Inspiration

Problem

Legal discovery is broken. The average lawsuit involves 1,000+ documents—depositions, contracts, emails, regulations—and lawyers spend 60-70% of case time just reading through them. At $300-500/hour for associates, discovery can cost clients $50,000-200,000 per case. Current AI search tools return relevant document chunks but don't actually answer questions with precise citations. They expect lawyers to manually piece together evidence from dozens of files.

Solution - JurisScope:

I built an AI-powered legal discovery platform using Elastic Agent Builder that answers questions across hundreds of documents with lawyer-grade precision. Upload your case files, ask questions in plain English like "What GDPR violations occurred?", and get comprehensive answers with exact citations—page numbers, quotes, and clickable references to source PDFs.


How I Built It

I leveraged Agent Builder's agent-to-agent orchestration to create three custom agents working in sequence:

  1. Search Agent: Embeds the user query using Jina embeddings v3 (via Elasticsearch inference API) and performs hybrid search combining BM25 (keyword) and kNN (vector) with RRF (Reciprocal Rank Fusion). Results are reranked using Jina reranker v3 through Elastic's inference endpoint for maximum relevance.

  2. Answer Agent: Takes the top-ranked chunks and generates a comprehensive legal response using Claude 4.5 Sonnet via Elasticsearch's inference API, configured with low temperature to minimize hallucinations. Every answer must include citation markers [1], [2], etc.

  3. Citation Agent: Extracts precise references with page numbers and snippets, building clickable deep-link citations that jump directly to highlighted passages in source PDFs.

Each agent has access to custom tools called jurisscope.legal_search and jurisscope.citation_finder that performs project-scoped hybrid search across case documents. Agent Builder orchestrates the workflow: Search → Answer → Citations, with full latency logging at each step.

Features I Liked:

  1. Elasticsearch Inference API Integration: I loved how seamlessly Agent Builder integrates with Elastic's inference endpoints. I could swap between embedding models (Jina v3, OpenAI), reranking models, and LLMs (Claude 4.5, GPT-4.1) without changing agent code—just configuration. This made experimentation incredibly fast.

  2. Agent-to-Agent Workflow Orchestration: Agent Builder's workflow system handles context passing between agents automatically.
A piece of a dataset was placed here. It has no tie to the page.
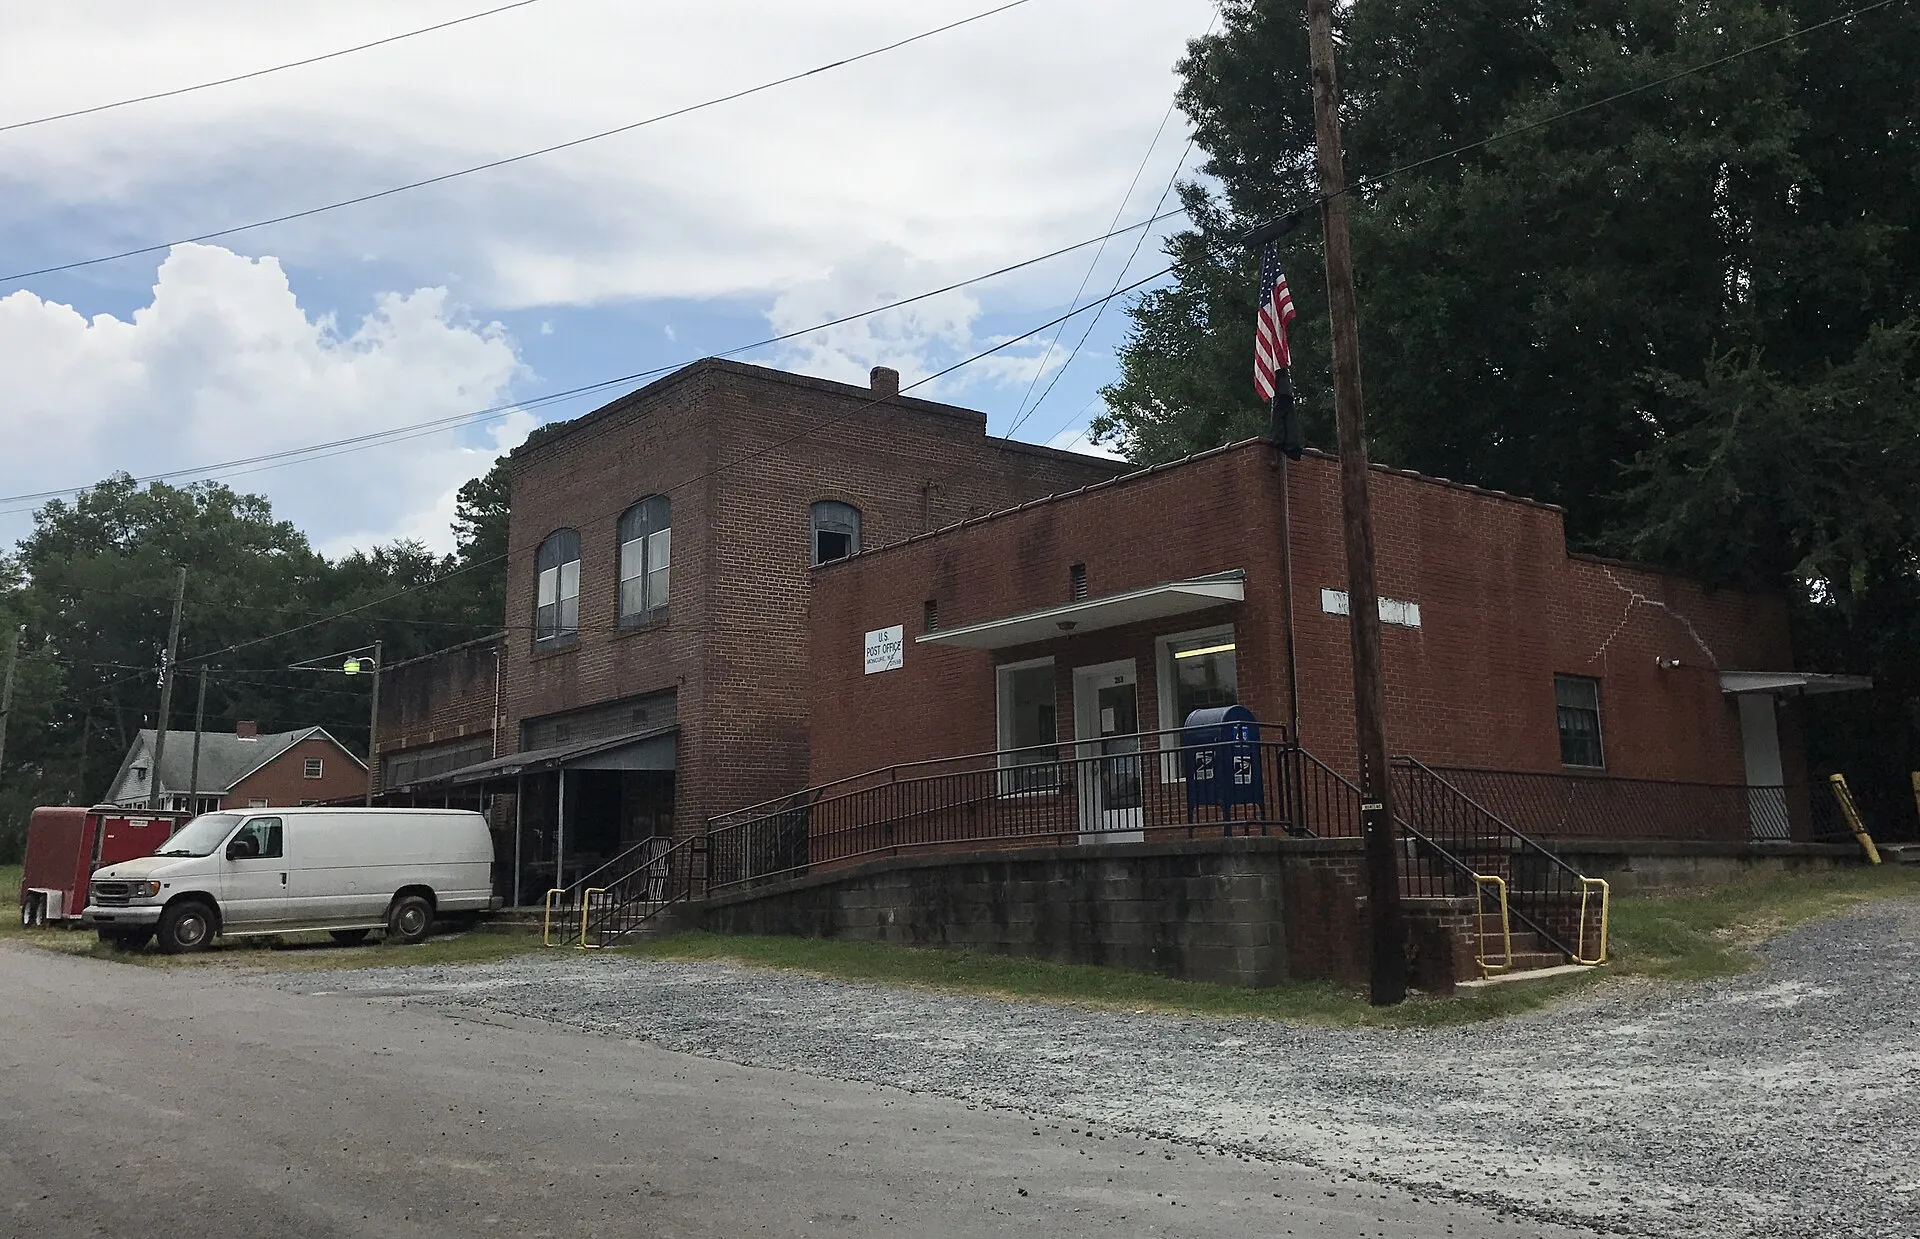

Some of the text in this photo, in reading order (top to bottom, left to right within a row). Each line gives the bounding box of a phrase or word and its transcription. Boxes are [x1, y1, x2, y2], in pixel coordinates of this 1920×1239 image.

[878, 631, 889, 642] U.S.
[867, 640, 901, 657] POST OFFICE
The search agent's results flow into the answer agent, which flows into the citation agent—all tracked with timestamps and step logging. I didn't have to build my own orchestration layer.

  3. Custom Tool Framework: Defining the custom tools with project_id scoping was straightforward. Agent Builder handles tool selection and parameter passing, letting me focus on the search logic itself.


Challenges I Ran Into

Citation accuracy: Initially, citations were vague ("mentioned in Email_Thread.txt"). I had to store bounding boxes for every chunk during PDF processing, then build a system that maps [1], [2] markers to exact page locations with clickable URLs that highlight text.

Hybrid search tuning: Pure vector search missed exact keyword matches ("Article 10", "GDPR"). Pure BM25 missed semantic similarity. I settled on RRF (Reciprocal Rank Fusion) combining both, plus reranking for relevance.

Reranking integration: Learning Elasticsearch's inference API for reranking was new. I had to batch passages, call Jina reranker, and reorder results without breaking citation mapping.

Answer quality: Claude sometimes hallucinated citations. I refined system prompts: "Answer based ONLY on provided documents. ALWAYS cite sources using [n] markers. Never invent information."

Table feature complexity: Building the column generator required calling the LLM once per document per column, which was slow. I added streaming updates for incremental results.


What I Learned

Agent-to-agent orchestration: How to chain agents sequentially where each agent's output feeds the next. Search → Answer → Citations, all managed by Agent Builder's workflow system.

Elasticsearch inference API: Using Elastic's built-in endpoints for embeddings, reranking, and LLMs instead of external APIs—simplified architecture and improved latency.

Hybrid search superiority: Why BM25 + vector outperforms either alone, and how reranking adds a critical second layer of relevance.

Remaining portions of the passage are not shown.